Dragonflyy is my "husband by heart", who I have been with for about five and a half years as of this writing (January 2009). He was friends with my mother & step-father in EverQuest, and while I knew him from a few brief conversations in EQ, he wasn't on my radar until October or so of 2002. My mother was trying to hook my cousin up with Dragonflyy's best friend / room mate, who was also her friend, and decided on a whim to see if I wanted to talk to Dragonflyy. I was still in the thick of things with my first love, and basically blew him off as just some guy. A year later, he and his room mate/best friend came to visit my parents, and the minute he walked through the door, I knew I'd spend the rest of my life with him. Funny, considering I'd never believed in love at first sight in my life, and it wasn't even like that at all. It was just this unshakable feeling that he was meant to be beside me forever. So far, so good. We were apart for two months, then I went to visit him for a month. I came home, and a week later, he told me he couldn't stand being without me. A week after that, he caught a greyhound bus and moved across the country to be with me. We've lived together ever since, and have one of the best relationships I've ever seen. He's my best friend, my laughter, my tenderness, my rock, and my sanity.
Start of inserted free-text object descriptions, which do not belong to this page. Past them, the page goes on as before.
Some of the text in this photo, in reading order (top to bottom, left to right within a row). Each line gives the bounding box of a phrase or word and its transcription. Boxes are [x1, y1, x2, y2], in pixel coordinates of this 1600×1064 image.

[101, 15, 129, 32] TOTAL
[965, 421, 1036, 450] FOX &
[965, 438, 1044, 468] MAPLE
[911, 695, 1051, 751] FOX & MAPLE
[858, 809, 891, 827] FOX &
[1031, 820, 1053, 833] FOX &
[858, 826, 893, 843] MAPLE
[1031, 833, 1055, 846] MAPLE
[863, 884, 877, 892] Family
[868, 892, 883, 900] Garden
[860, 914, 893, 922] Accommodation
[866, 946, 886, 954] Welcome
Azual is my boyfriend of about 2 1/2 years. Sometimes, Az is the one person I can talk to without feeling like I'm a burden, and sometimes he's the only person that can make me laugh when all I want to do is take someone's head off at their shoulders. He's fun, spontaneous, silly, and sporadic. He's one of the most diverse, beautiful, and all around amazing people I've ever known. To be honest, I don't even have the right words to say just how amazing he is.
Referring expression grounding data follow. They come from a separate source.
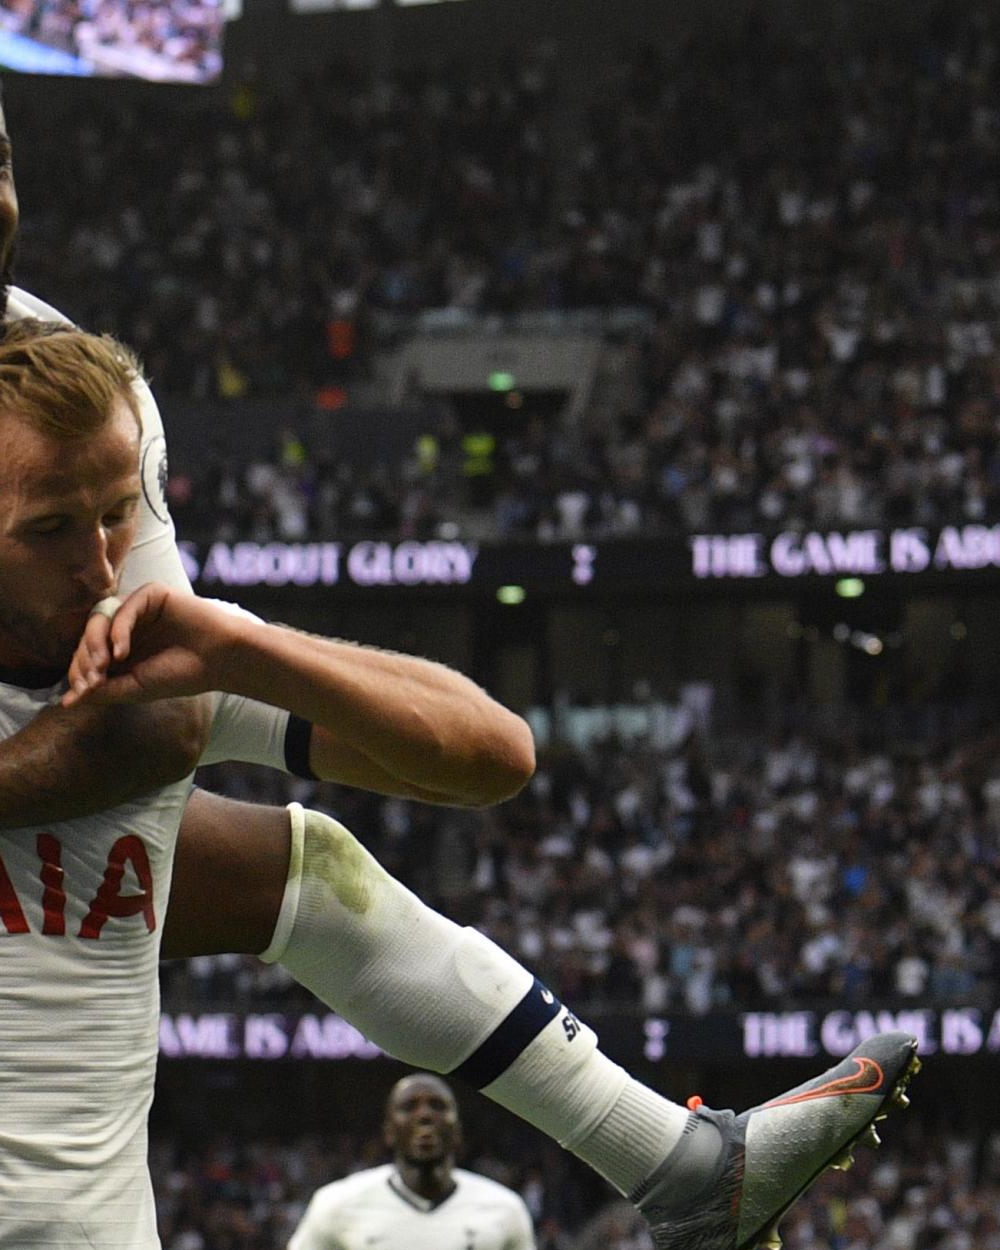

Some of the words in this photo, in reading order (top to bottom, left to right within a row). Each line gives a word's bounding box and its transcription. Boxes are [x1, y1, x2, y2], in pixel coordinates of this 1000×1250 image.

[203, 541, 342, 586] ABOUT
[347, 541, 478, 586] GLORY
[692, 533, 766, 579] THE
[771, 530, 884, 576] GAME
[890, 527, 930, 573] IS
[245, 1013, 287, 1060] IS
[291, 1013, 383, 1060] AB
[743, 1010, 816, 1057] THE
[942, 1008, 983, 1055] IS
My Disability To sum it up, I'm extremely overweight, which is caused by the fact that I have hypothyroidism & polycystic ovarian syndrome. Not going to explain what those mean, that's what Wikipedia is for. (On a side note, we recently discovered I have fibromyalgia as well which could explain where the hypothyroidism originated. However, that's not a certainty.) Suffice to say, the weight has been crushing my spine for years, and my spine is slowly collapsing and deteriorating, which, if you don't realize, causes a hell of a lot of pain and suffering. Not to mention the fibromyalgia is DEFINED by how much pain it causes, basically. Throw in the fact that I have severe carpal tunnel syndrome in both wrists (I can write about a paragraph by hand before my hand starts involuntarily dropping the writing utensil), and well, I'm not fit for much of anything. Especially since I hurt, all the freaking time (And I have one hell of a pain tolerance --- I suffered gall bladder attacks for damn near a year when I was 12/13, and they are comparable to the pain of child birth or a heart attack). Thus, I'm on disability for the time being.
I long for the day when I can take care of myself. But then again, I long for the day when I can walk for more than thirty seconds without feeling like I'm being hit by a buss or severed in half by a saw. Regardless, I refuse to let my body keep me from giving back something wonderful to the world. I am hoping and praying that very soon, I will have the carpal release surgery so my hands and wrists function again, and that I can get the lap band surgery to take some of the weight and pressure off my spine, and figure out some kind of medication system that will dumb down the fibro enough for me to focus and deal with the day-to-day stuff. Regardless, though, even if it takes crawling on my hands and knees while biting down on a piece of shoe to keep from screaming, I am going to finish college and have a career that will allow me to function around my disability, or, hopefully, without it.